2.5. The Half-Maximal Inhibitory Concentration of LFCA Against the Replication of SVA and FMDV

The cells were treated with LFCA at final concentrations ranging from 400 μg/mL to 0 μg/mL for 4 h. Following treatment, the cells were washed three times using a PBS solution. Subsequently, BHK-21 and PK-15 cells were inoculated with SVA and FMDV, respectively, at MOIs of 0.01 and 0.001. The cells were then incubated at 37 °C for 1 h before the medium was replaced. Viral RNA was extracted at 12 h and 24 h post-inoculation and used as a template for quantifying the viral copy number through RT-qPCR.

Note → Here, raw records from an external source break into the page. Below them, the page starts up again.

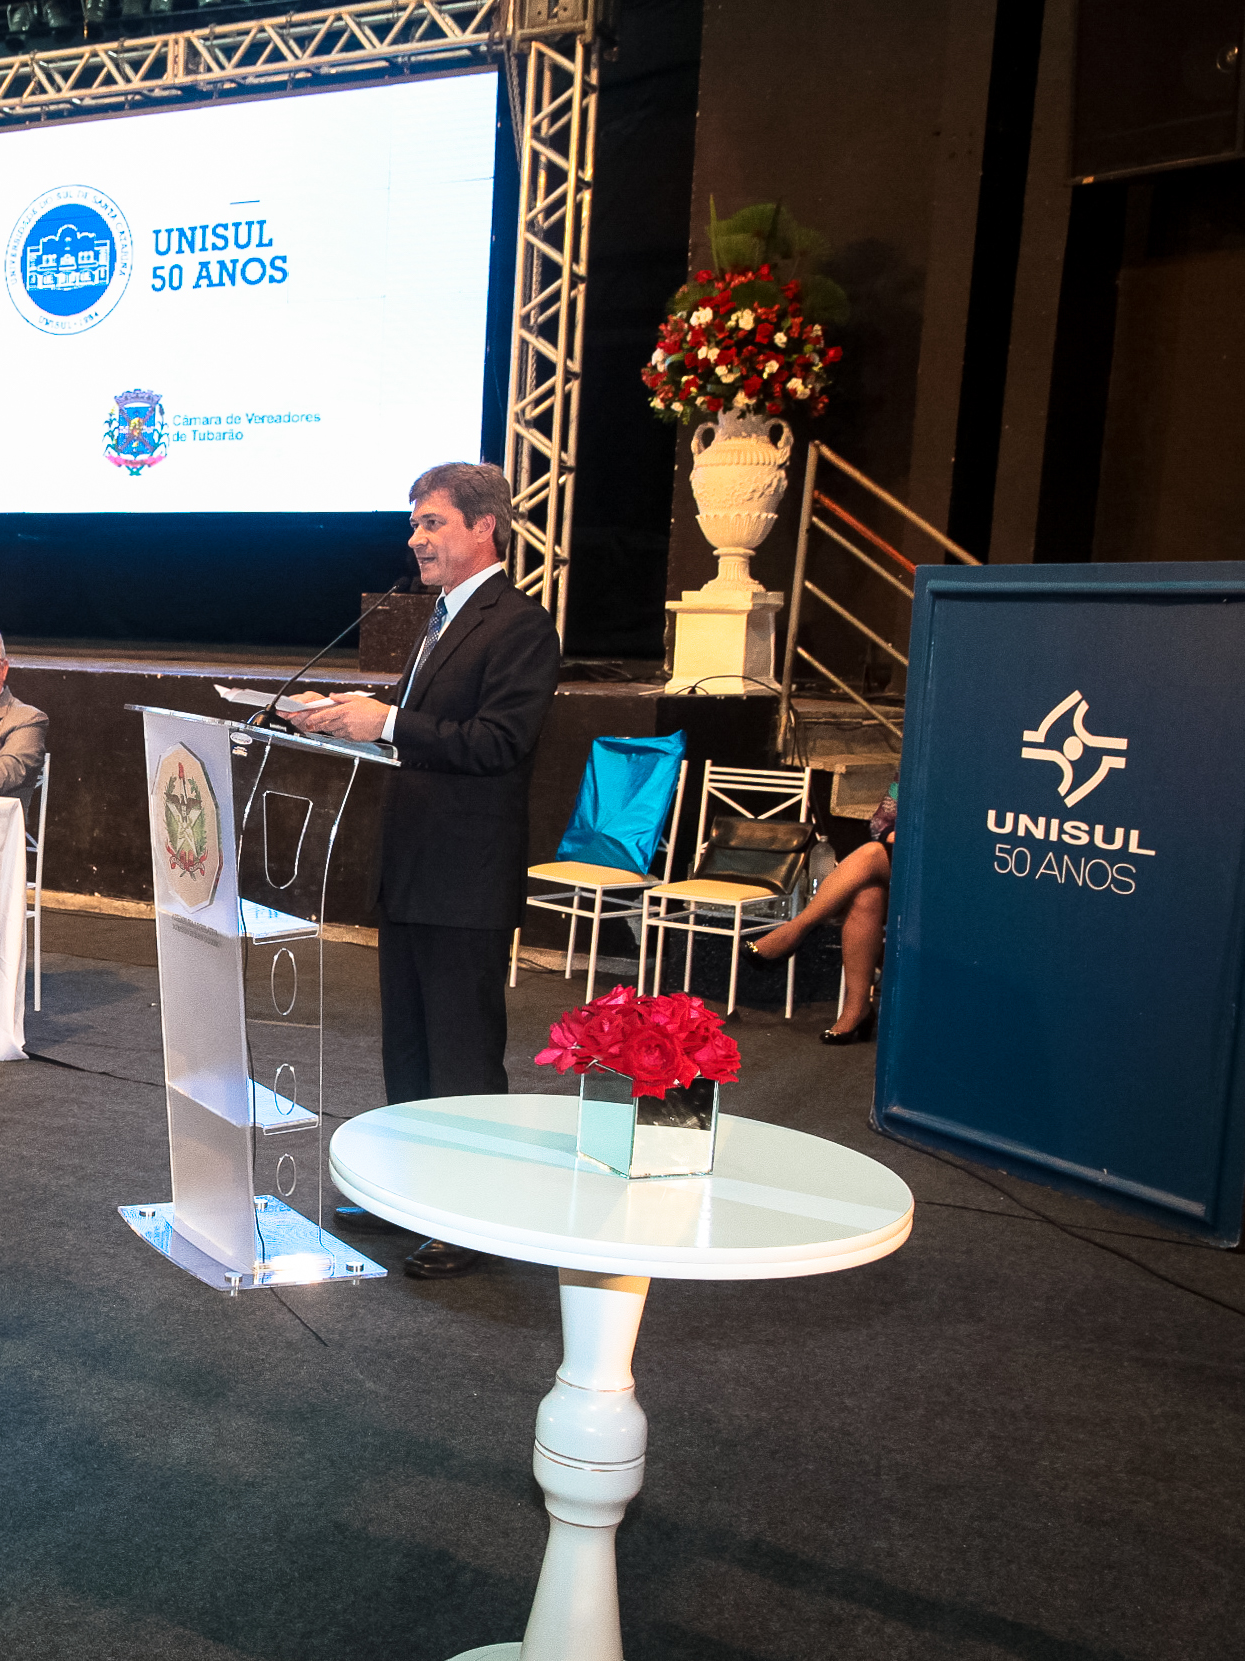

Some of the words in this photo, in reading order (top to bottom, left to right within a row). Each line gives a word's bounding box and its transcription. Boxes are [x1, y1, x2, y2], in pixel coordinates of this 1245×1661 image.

[153, 220, 273, 256] UNISUL
[151, 264, 183, 292] 50
[193, 255, 288, 289] ANOS
[172, 414, 222, 426] Câmara
[226, 413, 242, 425] de
[245, 412, 322, 424] Vereadores
[172, 430, 187, 442] de
[192, 429, 244, 441] Tubarão
[986, 809, 1156, 856] UNISUL
[994, 844, 1031, 877] 50
[1035, 852, 1136, 895] ANOS
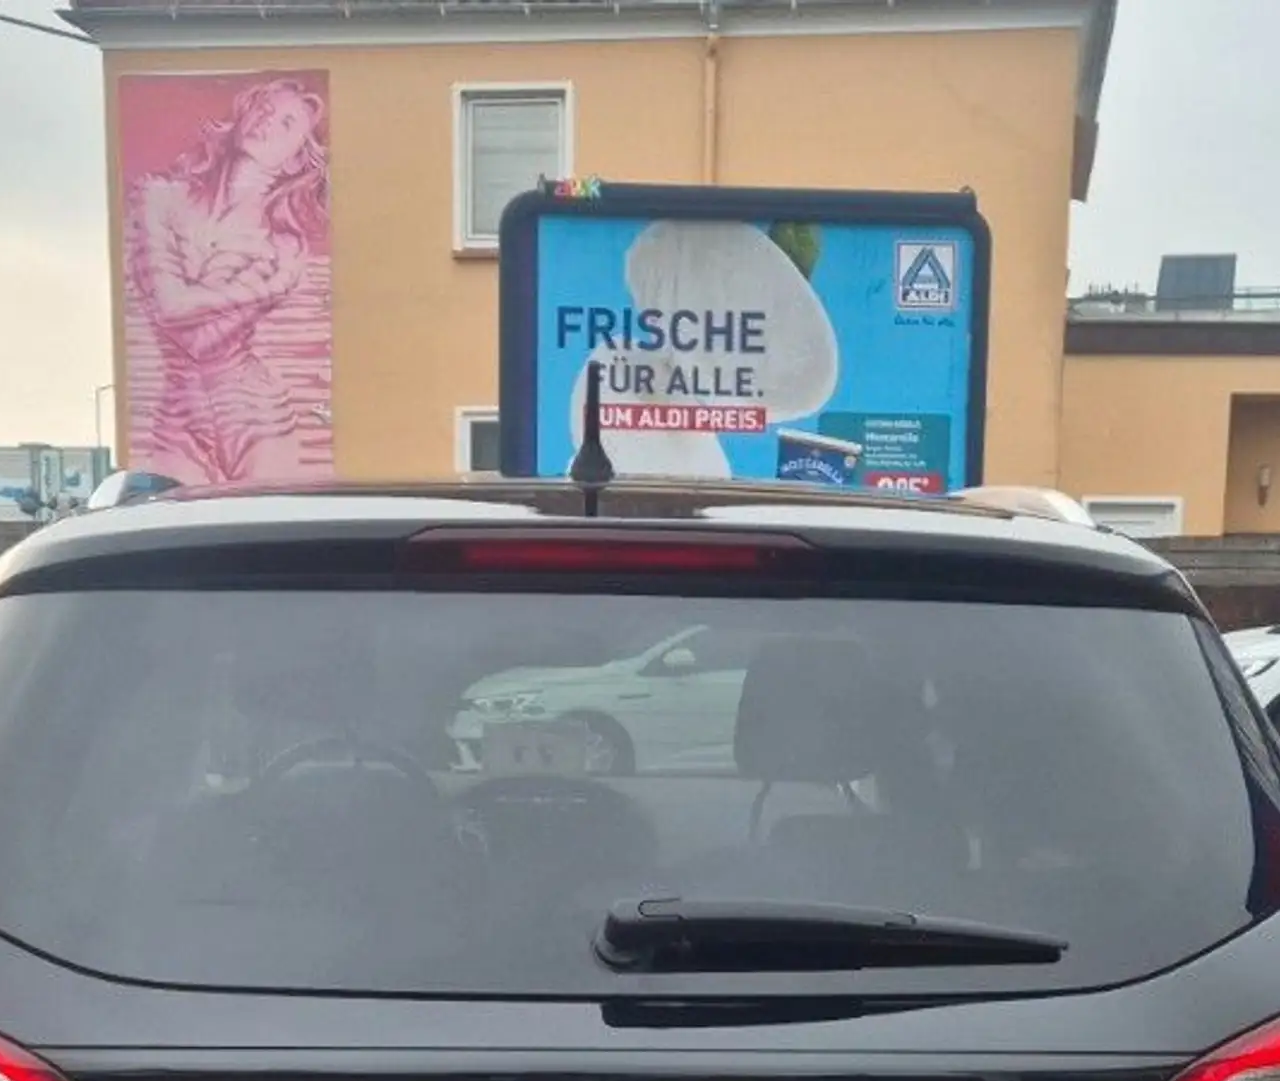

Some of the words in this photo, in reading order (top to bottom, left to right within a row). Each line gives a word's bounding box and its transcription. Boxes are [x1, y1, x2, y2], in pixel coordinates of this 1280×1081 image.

[556, 306, 766, 353] FRISCHE
[666, 365, 764, 398] ALLE.
[599, 406, 633, 427] UM
[638, 408, 690, 428] ALDI
[695, 410, 763, 430] PREIS.

2.6. Detection of Cell Oxidative Stress Index

To detect ROS levels, the reactive oxygen species (ROS) kit was operated according to the instructions. The cells were treated with ultrasound at 30 W power, at intervals of 3–5 s every 30 s, repeated 4 times. The levels of super oxide dismutase (SOD) activity, Glutathione peroxidase (GSH-PX) activities, and malondialdehyde (MDA) production in the treated samples were assessed according to the instructions provided with the kit.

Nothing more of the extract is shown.